GIVEN RECORDS ::
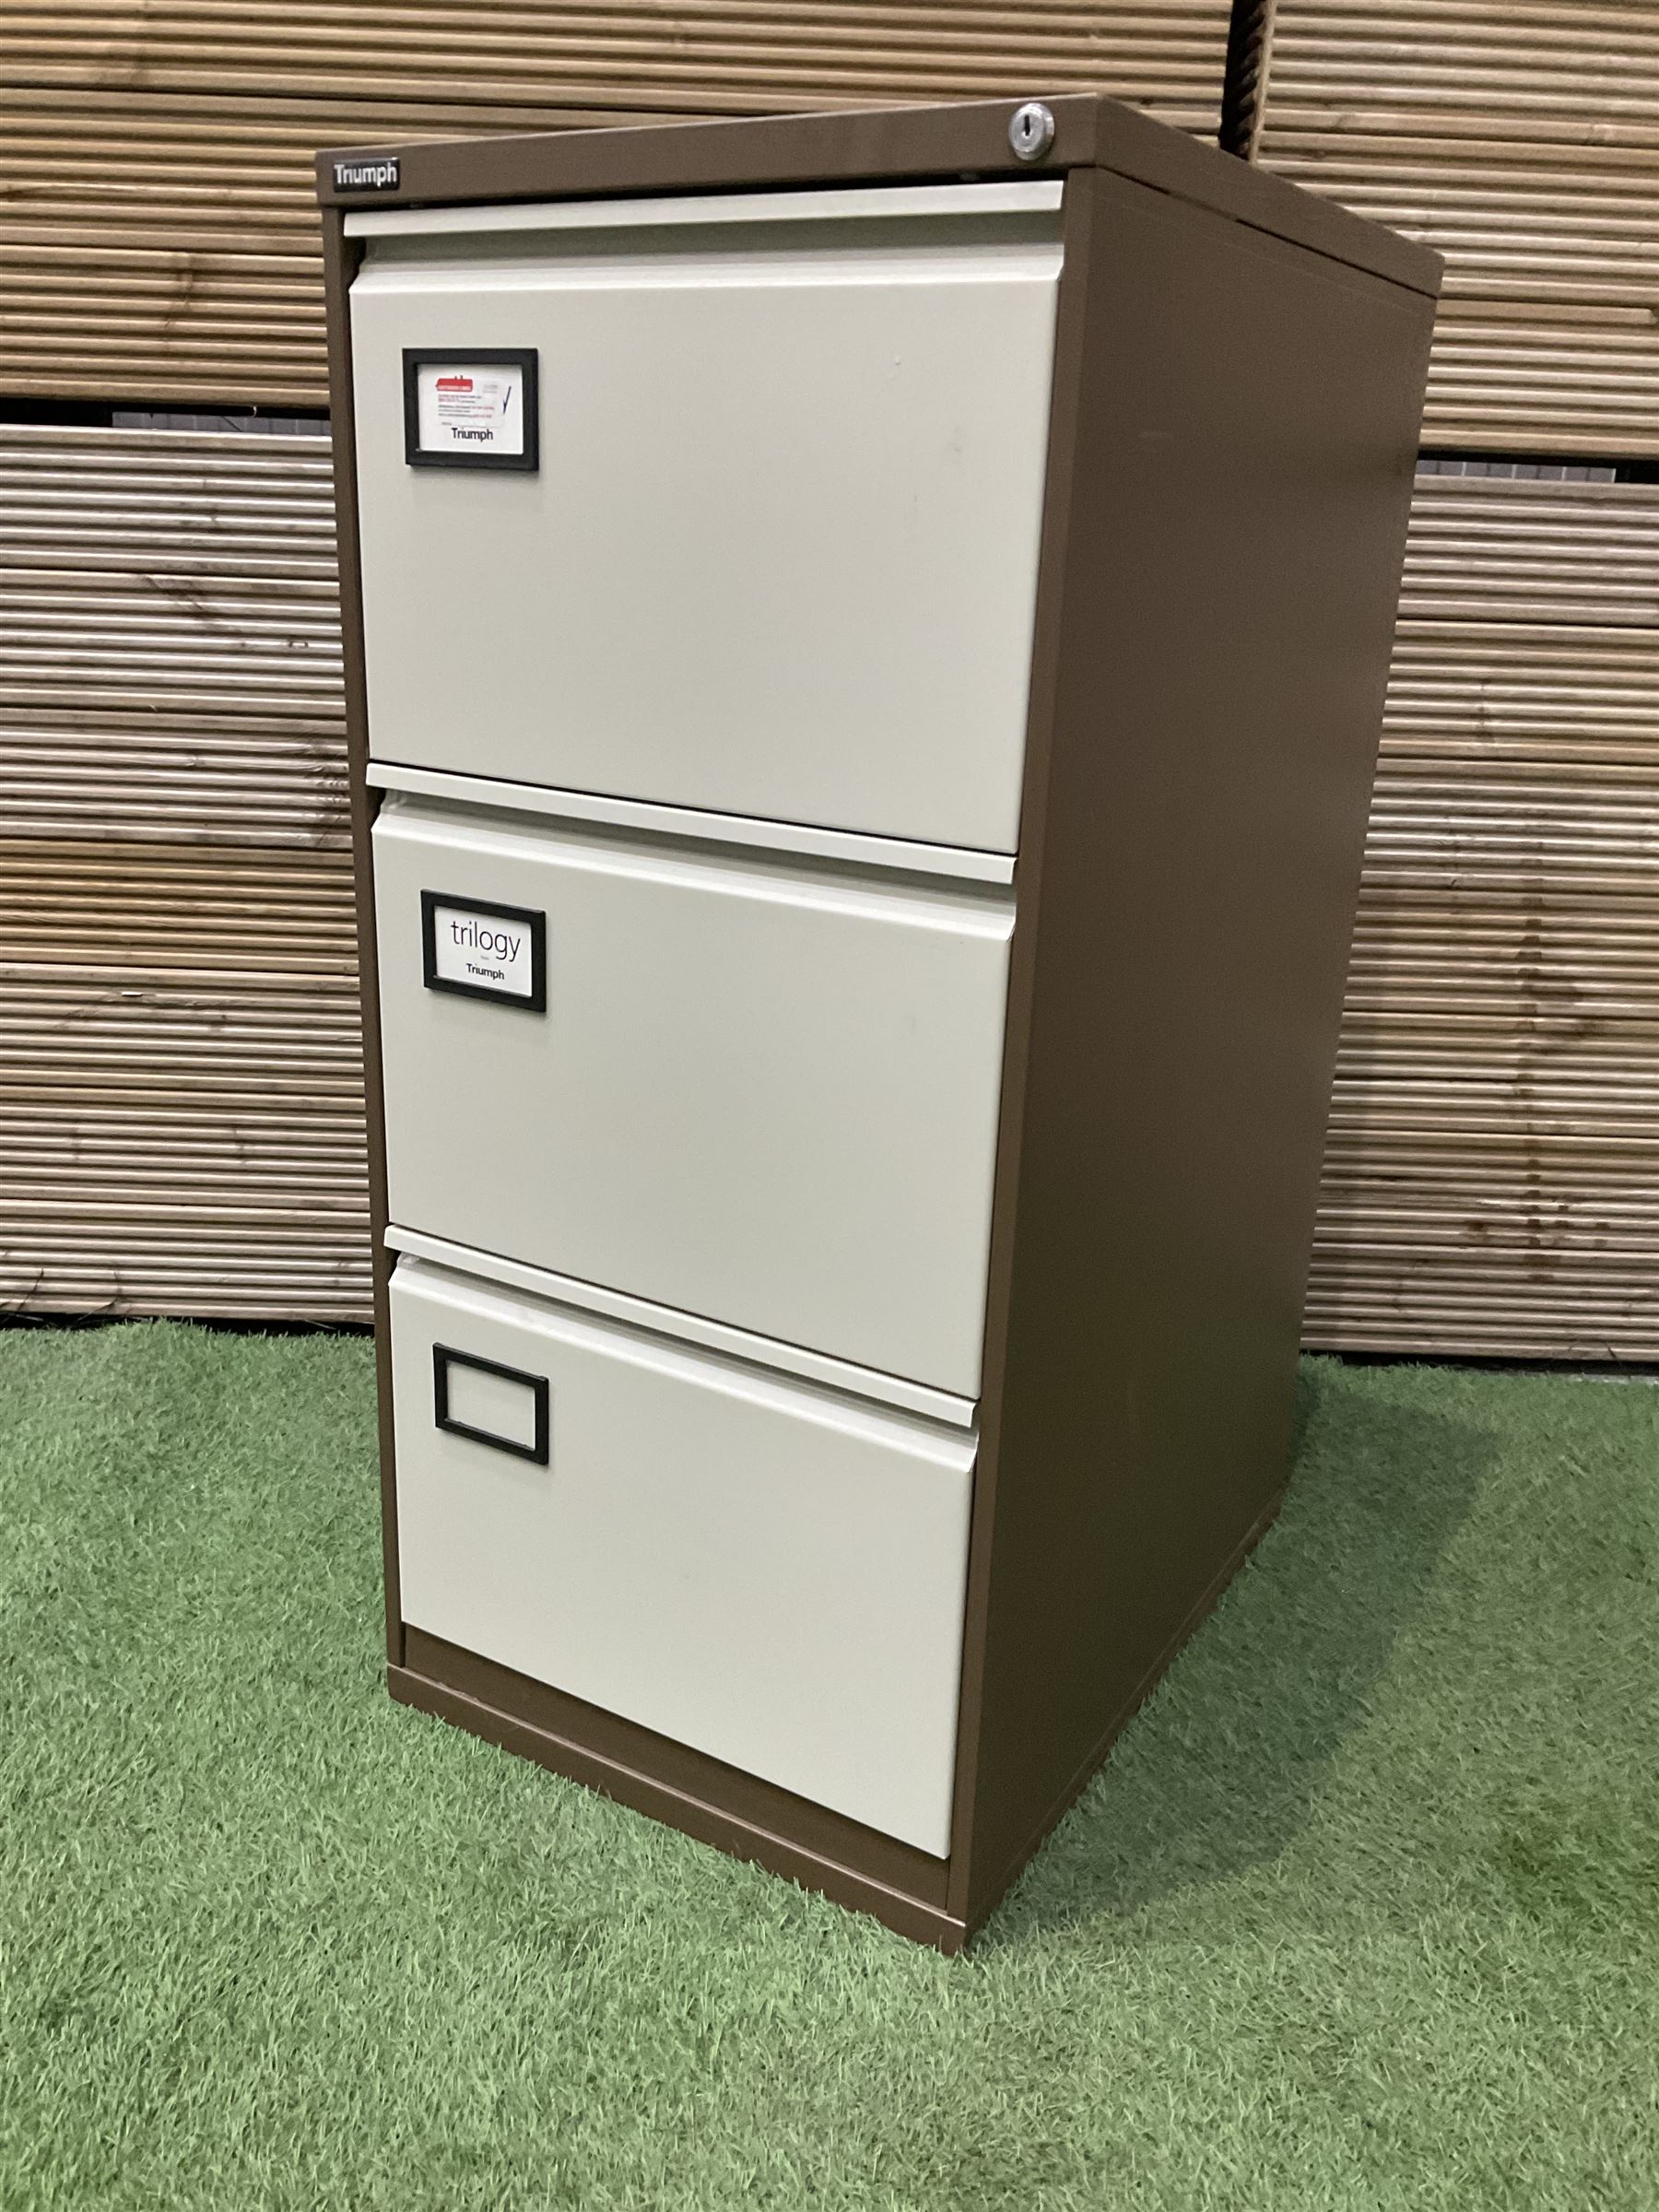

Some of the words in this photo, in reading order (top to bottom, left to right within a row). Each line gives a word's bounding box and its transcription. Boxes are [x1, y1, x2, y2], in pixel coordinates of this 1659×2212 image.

[334, 161, 397, 187] Triumph
[452, 427, 494, 442] Triumph
[451, 921, 521, 962] trilogy
[465, 963, 505, 980] Triumph
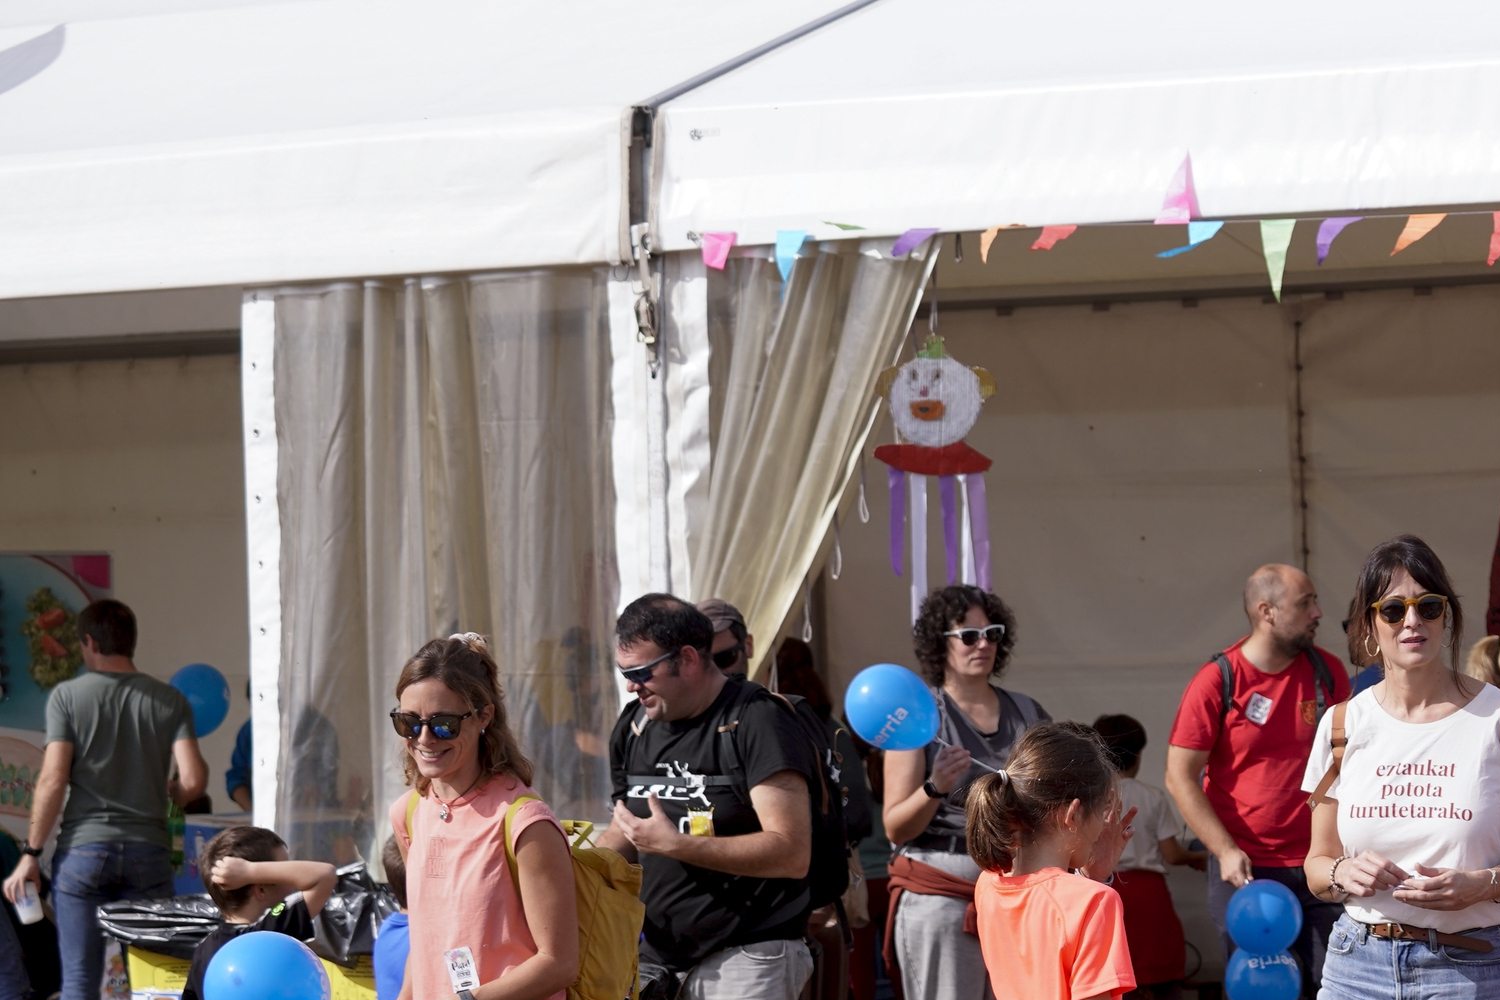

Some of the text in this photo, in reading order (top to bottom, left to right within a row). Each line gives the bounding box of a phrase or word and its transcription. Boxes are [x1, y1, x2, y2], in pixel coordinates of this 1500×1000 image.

[1376, 759, 1456, 778] eztaukat
[1381, 782, 1443, 799] potota
[1350, 803, 1474, 822] turutetarako
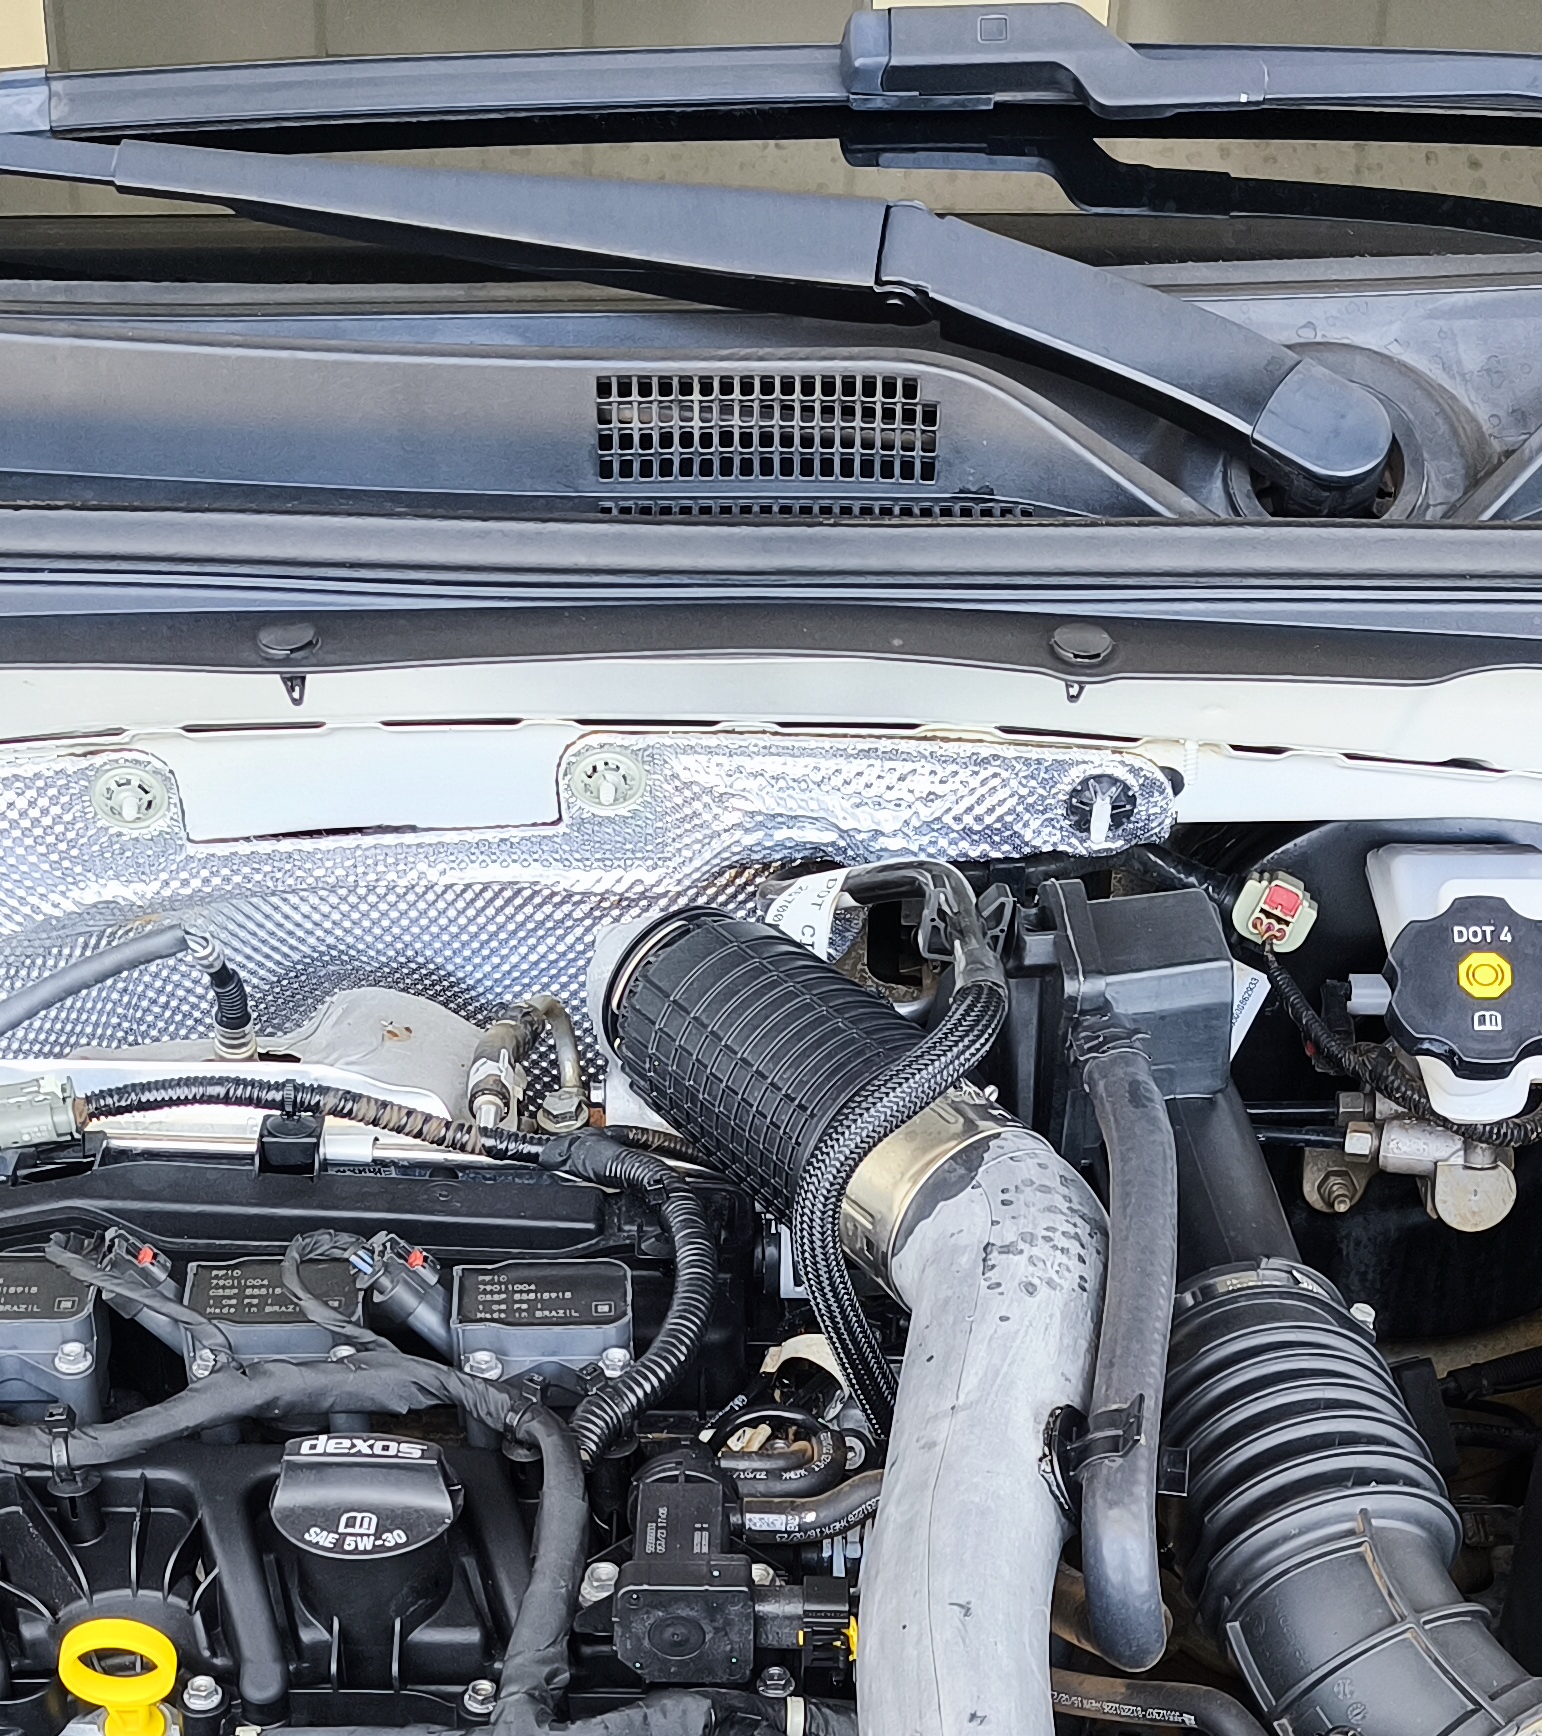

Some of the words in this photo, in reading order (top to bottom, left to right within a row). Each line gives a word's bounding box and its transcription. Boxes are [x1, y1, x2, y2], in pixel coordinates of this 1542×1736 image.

[1453, 926, 1495, 943] DOT
[1500, 926, 1512, 943] 4
[265, 1305, 300, 1313] BRAZI
[300, 1435, 428, 1459] dexos
[304, 1527, 339, 1548] SAE
[343, 1529, 408, 1550] 5W-30

ACTIVITY :: Starting at the line that holds "Some of the text", copy each line exactly through the end of the listing, both ends included. Leave the pictures out.

EXERCISE RESPONSE ::
Some of the text in this photo, in reading order (top to bottom, left to right within a row). Each line gives the bounding box of a phrase or word and its transcription. Boxes are [x1, y1, x2, y2], in pixel coordinates of this 1500×1000 image.

[1376, 759, 1456, 778] eztaukat
[1381, 782, 1443, 799] potota
[1350, 803, 1474, 822] turutetarako

Some of the words in this photo, in reading order (top to bottom, left to right within a row). Each line gives a word's bounding box and its transcription. Boxes are [x1, y1, x2, y2], in pixel coordinates of this 1542×1736 image.

[1453, 926, 1495, 943] DOT
[1500, 926, 1512, 943] 4
[265, 1305, 300, 1313] BRAZI
[300, 1435, 428, 1459] dexos
[304, 1527, 339, 1548] SAE
[343, 1529, 408, 1550] 5W-30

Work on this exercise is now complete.